(What you have to do)
Copy the entries below in full, keeping them exactly as they are.

(Data items)
----

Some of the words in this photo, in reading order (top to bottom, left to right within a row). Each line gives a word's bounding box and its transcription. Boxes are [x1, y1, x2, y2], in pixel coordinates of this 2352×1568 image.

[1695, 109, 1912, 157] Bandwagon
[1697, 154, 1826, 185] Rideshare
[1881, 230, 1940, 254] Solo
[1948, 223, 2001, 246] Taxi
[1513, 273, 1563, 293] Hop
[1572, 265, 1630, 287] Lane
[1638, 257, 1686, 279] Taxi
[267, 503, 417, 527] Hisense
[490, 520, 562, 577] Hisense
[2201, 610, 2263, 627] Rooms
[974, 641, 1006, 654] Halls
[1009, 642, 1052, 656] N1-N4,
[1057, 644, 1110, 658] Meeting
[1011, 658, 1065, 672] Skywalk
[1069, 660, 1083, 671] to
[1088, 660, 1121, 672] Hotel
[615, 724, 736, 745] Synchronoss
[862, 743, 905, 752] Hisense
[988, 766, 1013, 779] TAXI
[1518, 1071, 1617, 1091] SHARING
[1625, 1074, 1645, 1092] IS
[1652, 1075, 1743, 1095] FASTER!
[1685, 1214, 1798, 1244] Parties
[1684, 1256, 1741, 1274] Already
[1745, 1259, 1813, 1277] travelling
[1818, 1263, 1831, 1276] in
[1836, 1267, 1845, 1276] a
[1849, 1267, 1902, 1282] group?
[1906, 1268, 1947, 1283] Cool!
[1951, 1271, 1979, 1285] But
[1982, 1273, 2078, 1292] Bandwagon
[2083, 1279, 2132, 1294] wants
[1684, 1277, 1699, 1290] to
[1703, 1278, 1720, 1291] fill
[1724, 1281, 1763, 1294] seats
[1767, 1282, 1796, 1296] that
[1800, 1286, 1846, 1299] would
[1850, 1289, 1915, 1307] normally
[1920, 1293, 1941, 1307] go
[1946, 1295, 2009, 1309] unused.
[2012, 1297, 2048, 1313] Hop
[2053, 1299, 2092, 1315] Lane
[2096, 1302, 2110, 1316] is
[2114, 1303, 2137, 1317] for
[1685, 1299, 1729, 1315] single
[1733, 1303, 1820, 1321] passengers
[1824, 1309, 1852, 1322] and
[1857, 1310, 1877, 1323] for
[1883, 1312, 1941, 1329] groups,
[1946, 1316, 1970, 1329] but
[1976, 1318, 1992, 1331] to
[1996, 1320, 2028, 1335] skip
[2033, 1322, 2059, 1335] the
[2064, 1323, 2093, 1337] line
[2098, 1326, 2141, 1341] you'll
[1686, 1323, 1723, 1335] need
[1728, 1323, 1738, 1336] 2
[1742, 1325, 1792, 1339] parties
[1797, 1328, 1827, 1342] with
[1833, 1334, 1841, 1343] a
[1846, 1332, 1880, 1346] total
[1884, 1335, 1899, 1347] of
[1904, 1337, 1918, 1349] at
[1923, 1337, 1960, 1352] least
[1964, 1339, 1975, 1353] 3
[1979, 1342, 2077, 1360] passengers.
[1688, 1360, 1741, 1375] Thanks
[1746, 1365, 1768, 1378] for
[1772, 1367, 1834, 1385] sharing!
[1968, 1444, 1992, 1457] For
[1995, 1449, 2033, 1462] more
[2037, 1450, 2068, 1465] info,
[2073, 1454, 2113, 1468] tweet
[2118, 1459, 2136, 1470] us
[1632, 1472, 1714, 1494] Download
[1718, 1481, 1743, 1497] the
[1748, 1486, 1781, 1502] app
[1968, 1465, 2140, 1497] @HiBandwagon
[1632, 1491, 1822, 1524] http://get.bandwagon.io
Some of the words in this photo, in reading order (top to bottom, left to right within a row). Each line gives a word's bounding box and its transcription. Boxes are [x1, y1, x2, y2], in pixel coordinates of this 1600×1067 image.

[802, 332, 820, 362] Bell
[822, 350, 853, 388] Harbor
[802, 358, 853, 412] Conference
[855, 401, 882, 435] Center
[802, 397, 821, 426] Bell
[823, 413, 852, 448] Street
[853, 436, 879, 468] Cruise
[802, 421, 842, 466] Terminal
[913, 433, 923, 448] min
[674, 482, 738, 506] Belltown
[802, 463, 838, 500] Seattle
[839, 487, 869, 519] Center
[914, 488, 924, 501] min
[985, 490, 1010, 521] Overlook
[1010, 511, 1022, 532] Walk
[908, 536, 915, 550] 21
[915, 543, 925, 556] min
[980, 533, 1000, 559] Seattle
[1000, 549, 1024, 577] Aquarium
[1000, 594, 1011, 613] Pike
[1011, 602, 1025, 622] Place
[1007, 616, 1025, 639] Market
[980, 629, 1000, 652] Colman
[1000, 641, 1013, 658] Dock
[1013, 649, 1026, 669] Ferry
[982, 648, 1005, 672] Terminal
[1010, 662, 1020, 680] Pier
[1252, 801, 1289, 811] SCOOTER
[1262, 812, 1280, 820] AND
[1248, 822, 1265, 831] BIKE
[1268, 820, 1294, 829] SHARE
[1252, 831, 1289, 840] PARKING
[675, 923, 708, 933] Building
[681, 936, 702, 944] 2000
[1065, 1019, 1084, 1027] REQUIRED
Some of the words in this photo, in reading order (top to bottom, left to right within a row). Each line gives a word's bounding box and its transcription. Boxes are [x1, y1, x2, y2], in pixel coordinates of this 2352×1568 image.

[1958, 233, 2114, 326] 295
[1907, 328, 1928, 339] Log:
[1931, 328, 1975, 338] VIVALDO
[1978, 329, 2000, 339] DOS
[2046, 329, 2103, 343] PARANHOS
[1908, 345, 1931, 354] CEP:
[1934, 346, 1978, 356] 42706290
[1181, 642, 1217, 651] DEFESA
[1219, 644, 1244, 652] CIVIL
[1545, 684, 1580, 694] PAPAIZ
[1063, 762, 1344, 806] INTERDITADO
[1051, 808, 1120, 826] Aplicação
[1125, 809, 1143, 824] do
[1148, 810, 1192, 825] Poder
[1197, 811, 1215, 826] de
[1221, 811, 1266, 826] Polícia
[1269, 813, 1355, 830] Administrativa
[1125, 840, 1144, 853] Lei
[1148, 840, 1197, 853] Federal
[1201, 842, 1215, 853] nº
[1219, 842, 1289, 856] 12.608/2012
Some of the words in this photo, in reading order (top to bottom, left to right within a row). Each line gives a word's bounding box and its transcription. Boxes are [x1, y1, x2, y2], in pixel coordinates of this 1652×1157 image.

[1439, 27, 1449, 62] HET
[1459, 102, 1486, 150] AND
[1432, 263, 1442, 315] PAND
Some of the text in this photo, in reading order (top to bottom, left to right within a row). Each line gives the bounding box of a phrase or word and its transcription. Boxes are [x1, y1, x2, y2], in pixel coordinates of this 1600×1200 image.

----

(Answer below)
Some of the words in this photo, in reading order (top to bottom, left to right within a row). Each line gives a word's bounding box and its transcription. Boxes are [x1, y1, x2, y2], in pixel coordinates of this 2352×1568 image.

[1695, 109, 1912, 157] Bandwagon
[1697, 154, 1826, 185] Rideshare
[1881, 230, 1940, 254] Solo
[1948, 223, 2001, 246] Taxi
[1513, 273, 1563, 293] Hop
[1572, 265, 1630, 287] Lane
[1638, 257, 1686, 279] Taxi
[267, 503, 417, 527] Hisense
[490, 520, 562, 577] Hisense
[2201, 610, 2263, 627] Rooms
[974, 641, 1006, 654] Halls
[1009, 642, 1052, 656] N1-N4,
[1057, 644, 1110, 658] Meeting
[1011, 658, 1065, 672] Skywalk
[1069, 660, 1083, 671] to
[1088, 660, 1121, 672] Hotel
[615, 724, 736, 745] Synchronoss
[862, 743, 905, 752] Hisense
[988, 766, 1013, 779] TAXI
[1518, 1071, 1617, 1091] SHARING
[1625, 1074, 1645, 1092] IS
[1652, 1075, 1743, 1095] FASTER!
[1685, 1214, 1798, 1244] Parties
[1684, 1256, 1741, 1274] Already
[1745, 1259, 1813, 1277] travelling
[1818, 1263, 1831, 1276] in
[1836, 1267, 1845, 1276] a
[1849, 1267, 1902, 1282] group?
[1906, 1268, 1947, 1283] Cool!
[1951, 1271, 1979, 1285] But
[1982, 1273, 2078, 1292] Bandwagon
[2083, 1279, 2132, 1294] wants
[1684, 1277, 1699, 1290] to
[1703, 1278, 1720, 1291] fill
[1724, 1281, 1763, 1294] seats
[1767, 1282, 1796, 1296] that
[1800, 1286, 1846, 1299] would
[1850, 1289, 1915, 1307] normally
[1920, 1293, 1941, 1307] go
[1946, 1295, 2009, 1309] unused.
[2012, 1297, 2048, 1313] Hop
[2053, 1299, 2092, 1315] Lane
[2096, 1302, 2110, 1316] is
[2114, 1303, 2137, 1317] for
[1685, 1299, 1729, 1315] single
[1733, 1303, 1820, 1321] passengers
[1824, 1309, 1852, 1322] and
[1857, 1310, 1877, 1323] for
[1883, 1312, 1941, 1329] groups,
[1946, 1316, 1970, 1329] but
[1976, 1318, 1992, 1331] to
[1996, 1320, 2028, 1335] skip
[2033, 1322, 2059, 1335] the
[2064, 1323, 2093, 1337] line
[2098, 1326, 2141, 1341] you'll
[1686, 1323, 1723, 1335] need
[1728, 1323, 1738, 1336] 2
[1742, 1325, 1792, 1339] parties
[1797, 1328, 1827, 1342] with
[1833, 1334, 1841, 1343] a
[1846, 1332, 1880, 1346] total
[1884, 1335, 1899, 1347] of
[1904, 1337, 1918, 1349] at
[1923, 1337, 1960, 1352] least
[1964, 1339, 1975, 1353] 3
[1979, 1342, 2077, 1360] passengers.
[1688, 1360, 1741, 1375] Thanks
[1746, 1365, 1768, 1378] for
[1772, 1367, 1834, 1385] sharing!
[1968, 1444, 1992, 1457] For
[1995, 1449, 2033, 1462] more
[2037, 1450, 2068, 1465] info,
[2073, 1454, 2113, 1468] tweet
[2118, 1459, 2136, 1470] us
[1632, 1472, 1714, 1494] Download
[1718, 1481, 1743, 1497] the
[1748, 1486, 1781, 1502] app
[1968, 1465, 2140, 1497] @HiBandwagon
[1632, 1491, 1822, 1524] http://get.bandwagon.io
Some of the words in this photo, in reading order (top to bottom, left to right within a row). Each line gives a word's bounding box and its transcription. Boxes are [x1, y1, x2, y2], in pixel coordinates of this 1600×1067 image.

[802, 332, 820, 362] Bell
[822, 350, 853, 388] Harbor
[802, 358, 853, 412] Conference
[855, 401, 882, 435] Center
[802, 397, 821, 426] Bell
[823, 413, 852, 448] Street
[853, 436, 879, 468] Cruise
[802, 421, 842, 466] Terminal
[913, 433, 923, 448] min
[674, 482, 738, 506] Belltown
[802, 463, 838, 500] Seattle
[839, 487, 869, 519] Center
[914, 488, 924, 501] min
[985, 490, 1010, 521] Overlook
[1010, 511, 1022, 532] Walk
[908, 536, 915, 550] 21
[915, 543, 925, 556] min
[980, 533, 1000, 559] Seattle
[1000, 549, 1024, 577] Aquarium
[1000, 594, 1011, 613] Pike
[1011, 602, 1025, 622] Place
[1007, 616, 1025, 639] Market
[980, 629, 1000, 652] Colman
[1000, 641, 1013, 658] Dock
[1013, 649, 1026, 669] Ferry
[982, 648, 1005, 672] Terminal
[1010, 662, 1020, 680] Pier
[1252, 801, 1289, 811] SCOOTER
[1262, 812, 1280, 820] AND
[1248, 822, 1265, 831] BIKE
[1268, 820, 1294, 829] SHARE
[1252, 831, 1289, 840] PARKING
[675, 923, 708, 933] Building
[681, 936, 702, 944] 2000
[1065, 1019, 1084, 1027] REQUIRED
Some of the words in this photo, in reading order (top to bottom, left to right within a row). Each line gives a word's bounding box and its transcription. Boxes are [x1, y1, x2, y2], in pixel coordinates of this 2352×1568 image.

[1958, 233, 2114, 326] 295
[1907, 328, 1928, 339] Log:
[1931, 328, 1975, 338] VIVALDO
[1978, 329, 2000, 339] DOS
[2046, 329, 2103, 343] PARANHOS
[1908, 345, 1931, 354] CEP:
[1934, 346, 1978, 356] 42706290
[1181, 642, 1217, 651] DEFESA
[1219, 644, 1244, 652] CIVIL
[1545, 684, 1580, 694] PAPAIZ
[1063, 762, 1344, 806] INTERDITADO
[1051, 808, 1120, 826] Aplicação
[1125, 809, 1143, 824] do
[1148, 810, 1192, 825] Poder
[1197, 811, 1215, 826] de
[1221, 811, 1266, 826] Polícia
[1269, 813, 1355, 830] Administrativa
[1125, 840, 1144, 853] Lei
[1148, 840, 1197, 853] Federal
[1201, 842, 1215, 853] nº
[1219, 842, 1289, 856] 12.608/2012
Some of the words in this photo, in reading order (top to bottom, left to right within a row). Each line gives a word's bounding box and its transcription. Boxes are [x1, y1, x2, y2], in pixel coordinates of this 1652×1157 image.

[1439, 27, 1449, 62] HET
[1459, 102, 1486, 150] AND
[1432, 263, 1442, 315] PAND
Some of the text in this photo, in reading order (top to bottom, left to right within a row). Each line gives the bounding box of a phrase or word and its transcription. Boxes are [x1, y1, x2, y2], in pixel coordinates of this 1600×1200 image.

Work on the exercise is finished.